== Activity ==
Copy out all the entries shown below, exactly as they appear.

[Referring expression grounding data]

++++++++++

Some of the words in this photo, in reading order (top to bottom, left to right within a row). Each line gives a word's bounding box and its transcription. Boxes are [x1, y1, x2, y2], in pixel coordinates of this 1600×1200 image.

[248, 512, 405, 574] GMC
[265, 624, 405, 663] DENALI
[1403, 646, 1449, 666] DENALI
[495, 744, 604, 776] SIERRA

++++++++++

== Written solution ==
Some of the words in this photo, in reading order (top to bottom, left to right within a row). Each line gives a word's bounding box and its transcription. Boxes are [x1, y1, x2, y2], in pixel coordinates of this 1600×1200 image.

[248, 512, 405, 574] GMC
[265, 624, 405, 663] DENALI
[1403, 646, 1449, 666] DENALI
[495, 744, 604, 776] SIERRA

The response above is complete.